Less than a year after the June 2024 inauguration of the new brand Luxeed from HIMA, the automotive branch of the technology giant Huawei, a second model was presented, complementing the portfolio previously created by the large, higher-class S7 sedan.

The R7 took the form of a large coupe SUV, which extensively reproduced the styling features of the first product of the Chinese brand. The body has gained rounded wheel arches, a gently sloping roofline with a clearly marked rear spoiler line, and a large, wide light blend connecting the oval lamps. The front fascia is dominated by large headlights, cut at the lower edge, and other characteristic details include retractable door handles, a radar segment at the edge of the windshield and a glass roof.

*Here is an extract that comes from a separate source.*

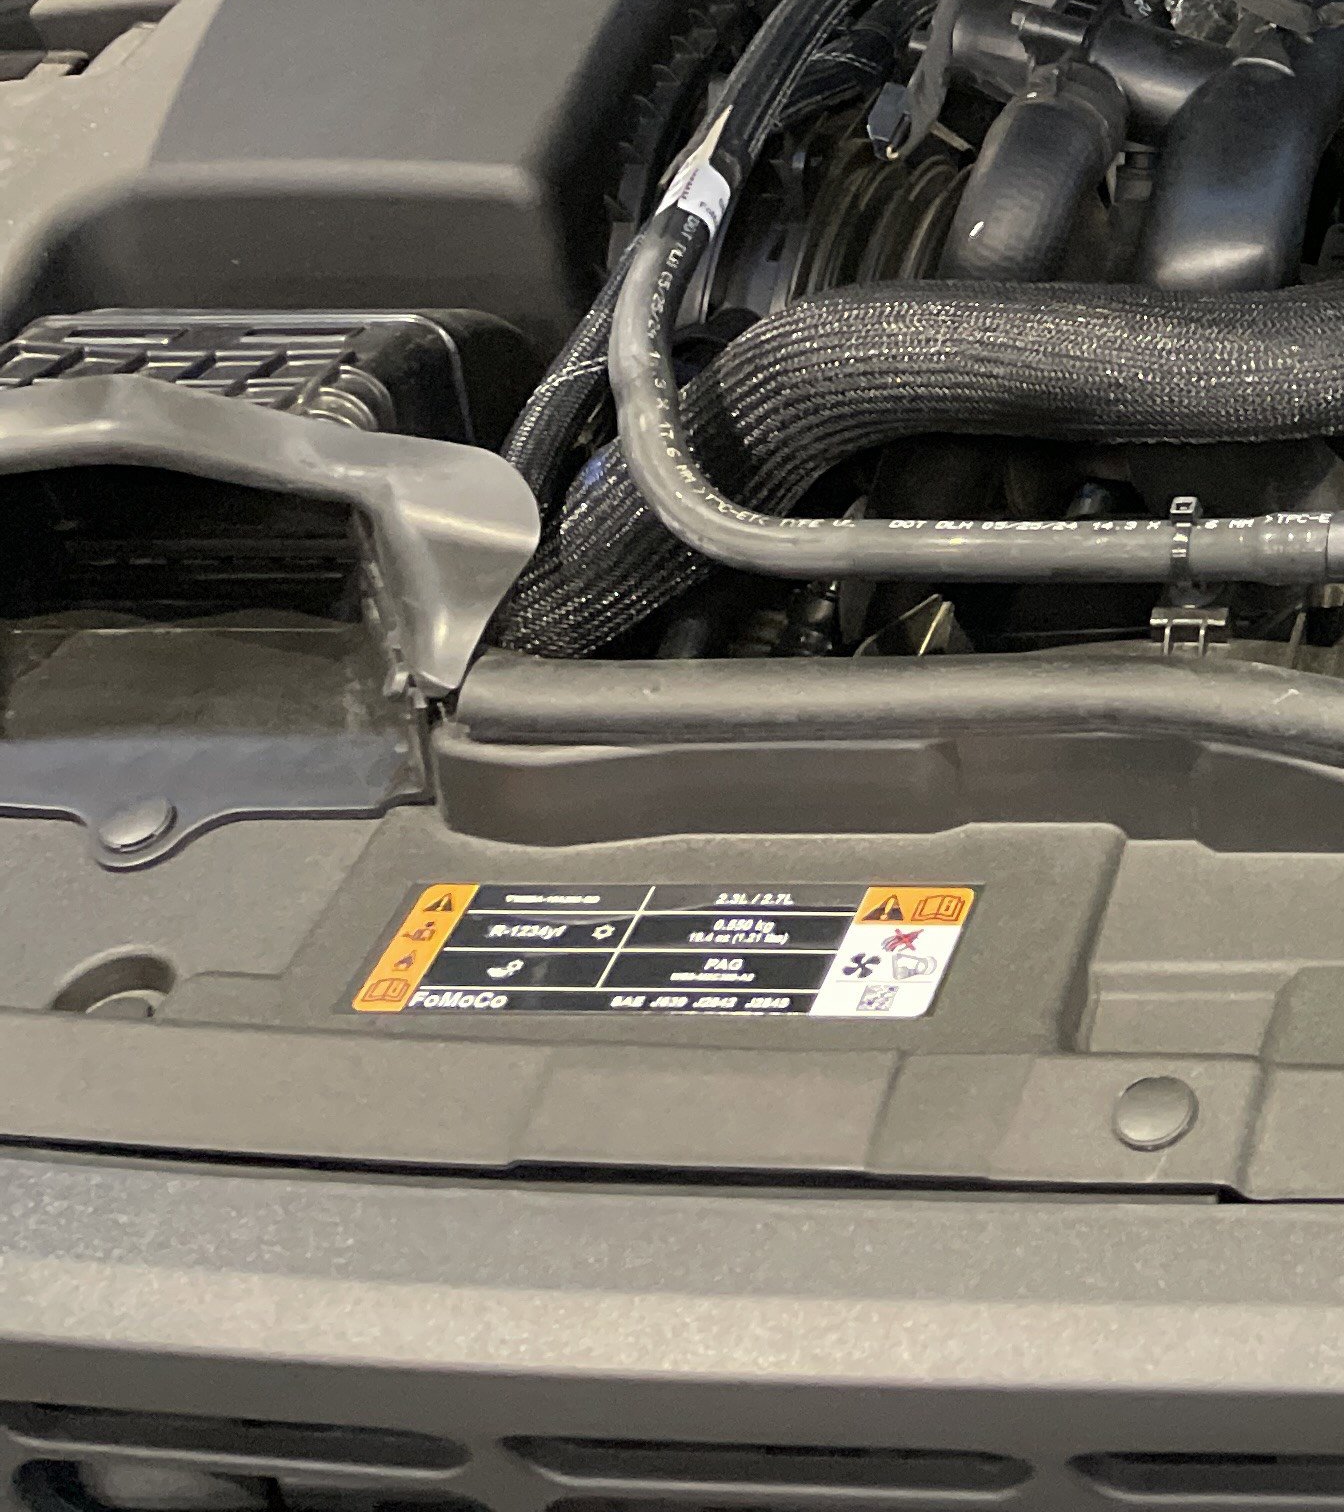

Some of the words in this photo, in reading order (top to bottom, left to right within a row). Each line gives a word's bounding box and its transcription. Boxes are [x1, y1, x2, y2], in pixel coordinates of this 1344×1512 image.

[487, 924, 568, 940] R-1234yf
[703, 958, 745, 971] PAG
[407, 991, 509, 1009] FoMoCo

The passenger cabin has a light tone, with a characteristic oval steering wheel and high-mounted 12.3-inch digital instrument cluster protruding towards the windshield. At the center of the dashboard there is a 15.6-inch touchscreen infotainment system using Huawei's HarmonyOS software and working with the Huawei Sound system.

=== Facelift (2025) ===

On August 1, 2025, photos of the facelifted R7 were officially revealed by Luxeed, with the R7 receiving new headlights and also debuts the new logo of the Luxeed brand. Alongside the teasers for the facelift is a new Aurora Green color.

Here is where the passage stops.